== Supplied material ==
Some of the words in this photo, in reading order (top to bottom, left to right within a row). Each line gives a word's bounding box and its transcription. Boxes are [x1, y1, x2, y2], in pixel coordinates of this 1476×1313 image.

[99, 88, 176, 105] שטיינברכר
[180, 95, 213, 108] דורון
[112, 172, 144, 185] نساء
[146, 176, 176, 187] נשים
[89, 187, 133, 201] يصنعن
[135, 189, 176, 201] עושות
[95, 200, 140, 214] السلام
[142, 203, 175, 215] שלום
===
Work item — The records above should be repeated in full, exactly as given.

Task solution —
Some of the words in this photo, in reading order (top to bottom, left to right within a row). Each line gives a word's bounding box and its transcription. Boxes are [x1, y1, x2, y2], in pixel coordinates of this 1476×1313 image.

[99, 88, 176, 105] שטיינברכר
[180, 95, 213, 108] דורון
[112, 172, 144, 185] نساء
[146, 176, 176, 187] נשים
[89, 187, 133, 201] يصنعن
[135, 189, 176, 201] עושות
[95, 200, 140, 214] السلام
[142, 203, 175, 215] שלום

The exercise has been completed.